Article Lead Image

Infographic: Tracking LiveJournal’s fandom diaspora

The era of the single-platform fandom community is effectively over. So where have all the fans on LiveJournal gone? 


Aja Romano

Internet Culture

Posted on Sep 7, 2012   Updated on Jun 2, 2021, 11:28 am CDT

In August of 2007, Wired complained: “The web still lacks a generalized way to convey relationships between people’s identities on the internet.”

Days later, Brad Fitzpatrick, creator of LiveJournal, wrote about the dilemma of the “new social graph” on his blog: “What I mean by ‘social graph’ is a the global mapping of everybody and how they’re related…  Unfortunately, there doesn’t exist a single social graph (or even multiple which interoperate) that’s comprehensive and decentralized.”

This is a problem journal-based fandom has been dealing with for half a decade. In fact, friction with Fitzgerald’s own LiveJournal may have exacerbated fandom’s diaspora and with it the dilemma of centralizing and mapping users who once congregated in one place.

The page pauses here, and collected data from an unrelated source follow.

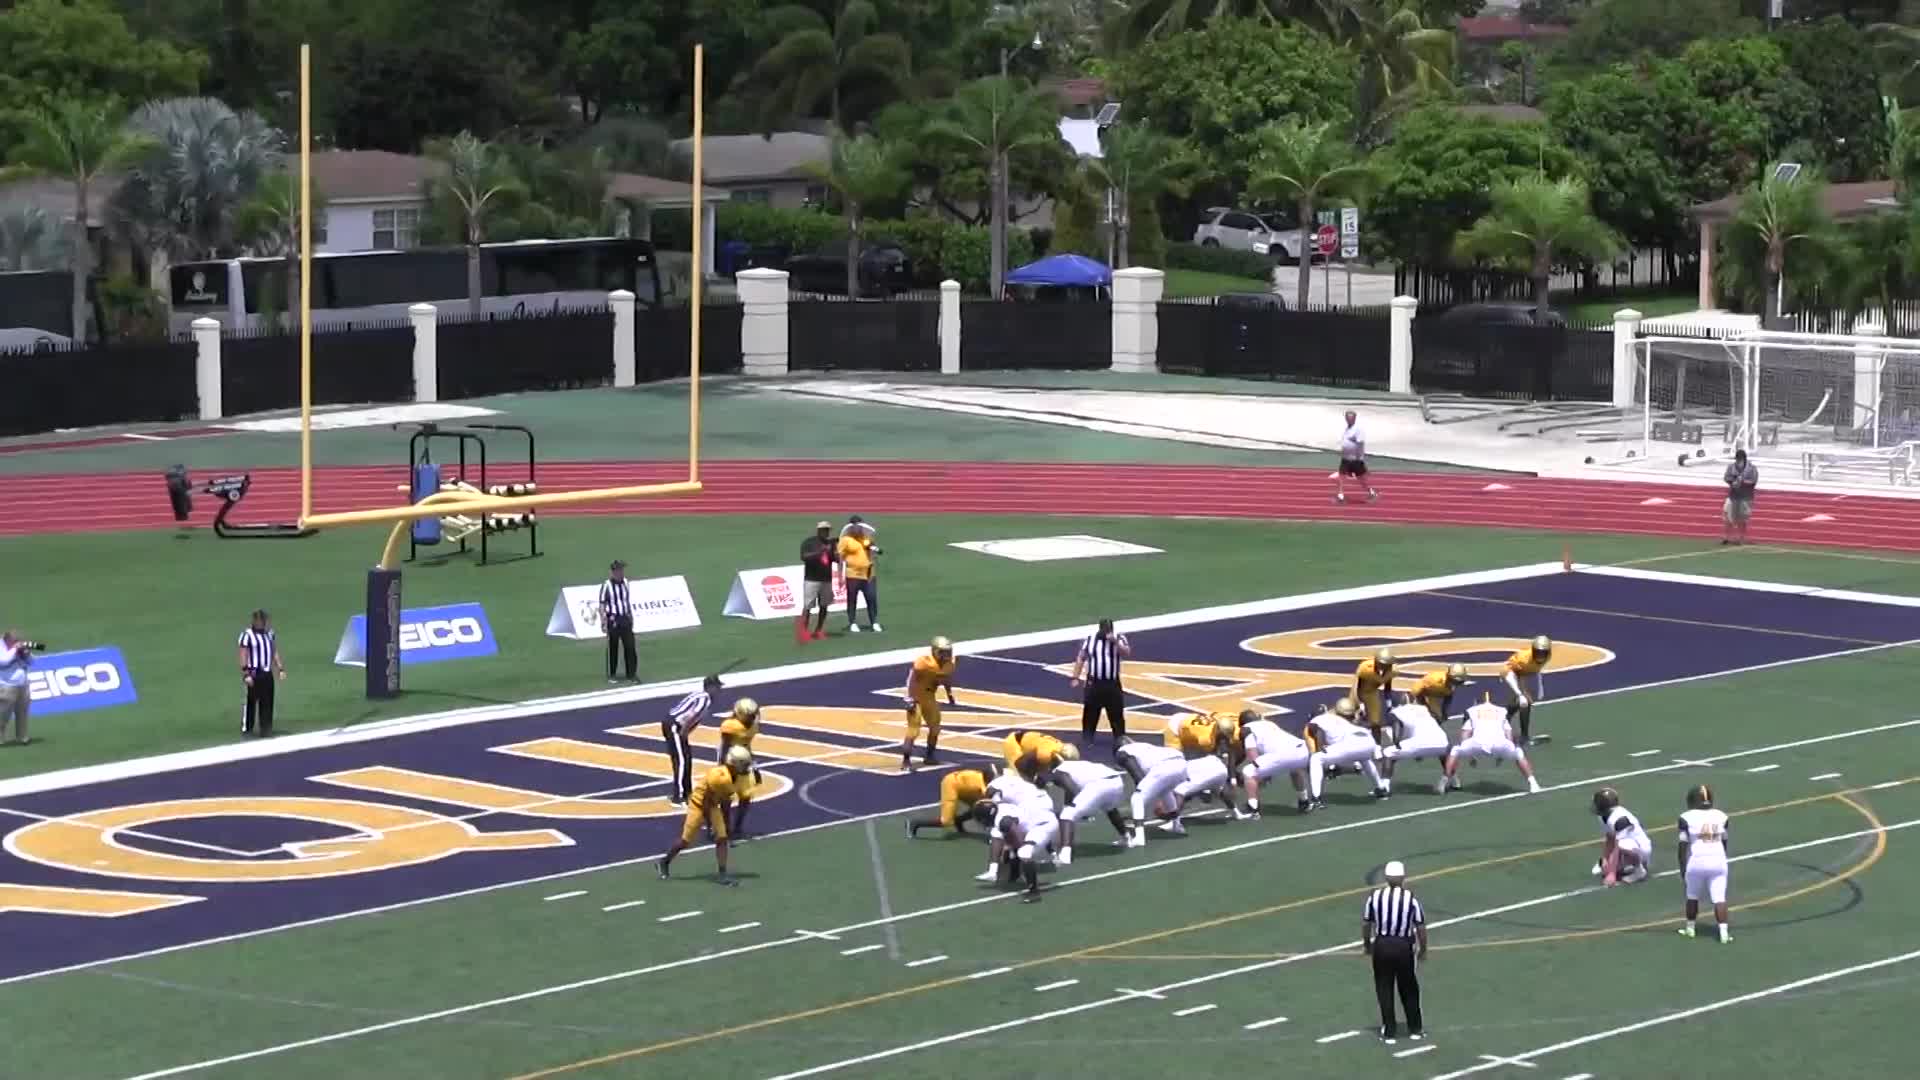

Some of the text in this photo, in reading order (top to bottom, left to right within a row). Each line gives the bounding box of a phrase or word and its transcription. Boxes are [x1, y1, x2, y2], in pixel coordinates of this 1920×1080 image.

[1319, 233, 1337, 244] STOP
[399, 617, 483, 650] EICO
[27, 662, 121, 700] EICO
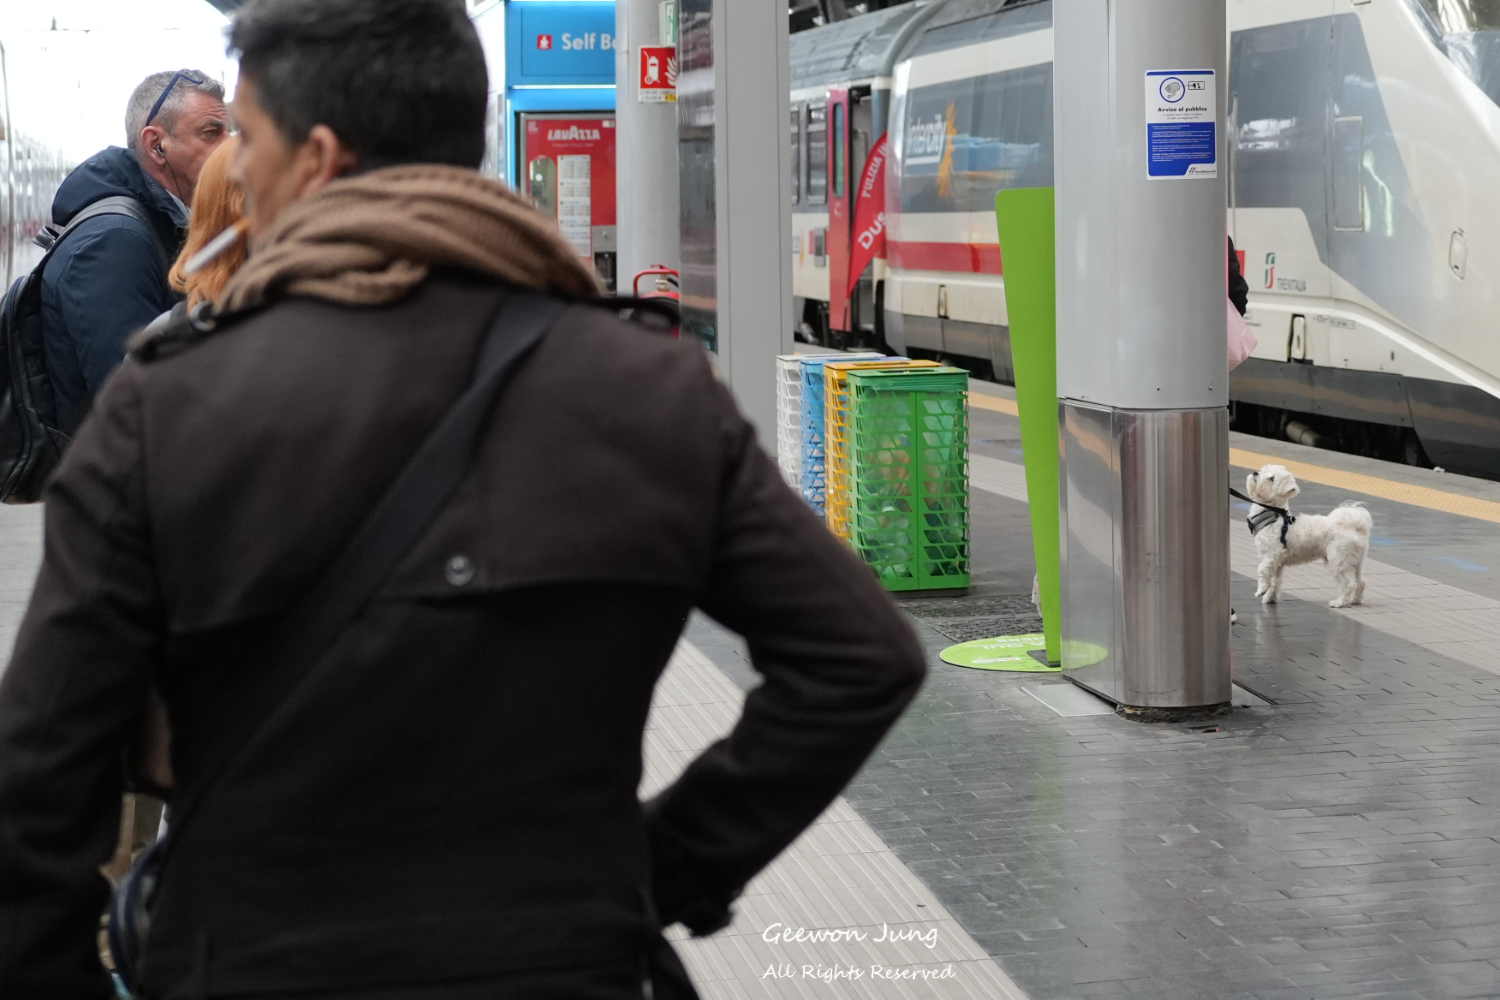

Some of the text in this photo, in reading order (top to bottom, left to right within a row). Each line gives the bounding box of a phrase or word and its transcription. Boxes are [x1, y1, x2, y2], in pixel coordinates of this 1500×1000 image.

[562, 32, 596, 50] Self
[547, 125, 601, 140] LAVAZZA
[861, 156, 883, 198] PULIZIA
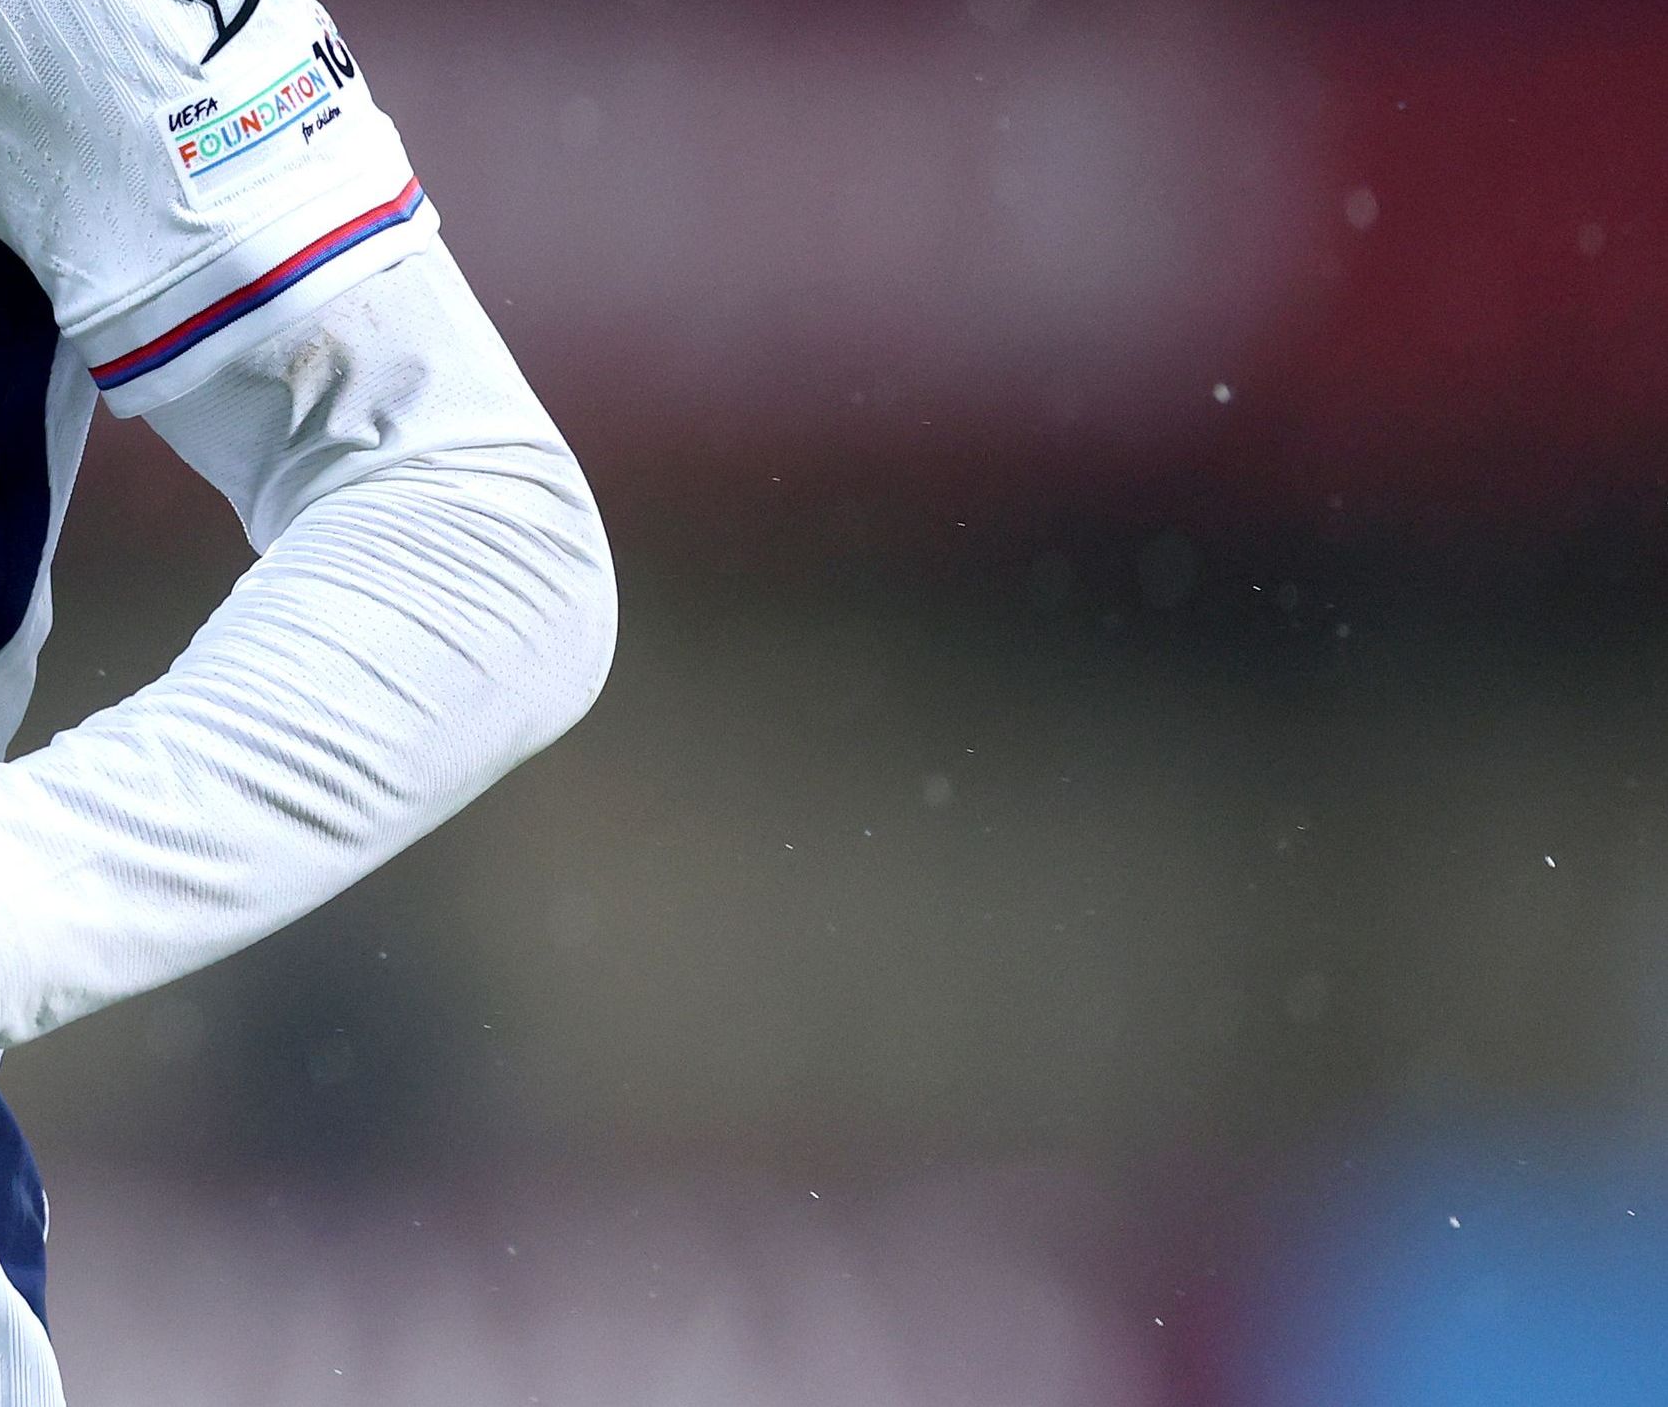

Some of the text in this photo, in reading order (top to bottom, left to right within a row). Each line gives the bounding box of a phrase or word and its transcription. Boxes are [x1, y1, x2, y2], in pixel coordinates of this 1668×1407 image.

[168, 96, 219, 132] UEFA
[178, 66, 327, 169] FOUNDATION
[301, 121, 314, 144] for

In 2001,, the largest fanfiction archive on the Internet, suffered prolonged server outages that made use of its discussion forums difficult. Thousands of fans, looking around for a place to settle in response, chose LiveJournal. Though other journaling platforms like DeadJournal, GreatestJournal (now defunct), InsaneJournal, and JournalFen existed, LiveJournal was the central fandom hub for its ease of unifying discussion and fanwork.

In May of 2007, Strikethrough happened, and the prevailing image of LiveJournal as fandom’s permanent home changed. In the wake of Strikethrough, LJ user Femmequixotic wrote:

“I’ve talked to a lot of people lately who are really seriously worried about fandom fragmenting…. Honestly, I think we’ll settle into a way of keeping track of multiple flists on multiple sites… 6A’s kind of thrown us out there, you know?… It’s what we have to do. By necessity, not choice.”

Femmequixotic’s words proved prophetic: Over time, fandom has gradually dispersed to other locations. The question of how to consolidate platforms has been so central to fans that in September 2011, when Delicious’ roundly condemned meltdown instigated a mass fan movement to social bookmarking alternative Pinboard, it came with a public google doc: a spreadsheet of various fandom platforms, passed around fandom via word of mouth, that eventually garnered over 400 users who wanted to make sure they could be found in various new locations.

Through that spreadsheet, we can get a general idea of the direction LiveJournal and Delicious-based fandom was headed:

Last update: October 2011

Changing discussion and community platforms is nothing new. The “Eternal September” of Usenet in the mid-’90s is well-documented. And fans aren’t the only ones who’ve had to adjust to the expanding diaspora. Faced with user indignation at the sudden influx of fans flooding the pages of Pinboard with slash fanfic, owner Maciej Ceglowski responded in “The Fans Are All Right”:

“For any bookmarking site, the fan subculture is valuable because it makes such heavy and creative use of tagging, and because they are great collaborators. I can’t think of a better way to stress-test a site than to get people filling it with Inception fanfic.”

Pinboard, however, remains behind a paywall that leaves many users unable or unwilling to switch over from the floundering Delicious. Meanwhile, the increasing migration of fans to Tumblr has sparked ongoing debate, as users alternately embrace and fear Tumblr’s large mainstream fandom presence.

But no one is denying that cross-platform interaction has changed fandom. Author Cecilia Tan told the Daily Dot:

“Nowadays there are lots of [fan] groups on Facebook, and it’s just such a crappy platform for the purpose. To run a fest these days you have to have mirrors on LiveJournal, InsaneJournal, and Dreamwidth, and then if you added up all the comments on all three sites it would just about equal what we used to get on LJ alone.”

One thing seems clear: The era of the single-platform community is effectively over.

“Fandom’s not ever going to go back to congregating significantly on one platform,” Femmequixotic told the Daily Dot. “[E]ven without the problems that occurred on LiveJournal that caused fandom to splinter, I think we would have still ended up in this moment just based on how social media technology has expanded. It would have been fantastic if a workable aggregator of some sort could have dropped in our laps to help fans keep track of all the sites we’re following, but an effective one hasn’t, at least not yet.

“So for now, each one of us has to figure out how to construct our own fannish experience.”


Correction: an earlier version of this article incorrectly stated that DeadJournal was a defunct journaling site. We apologize for this error.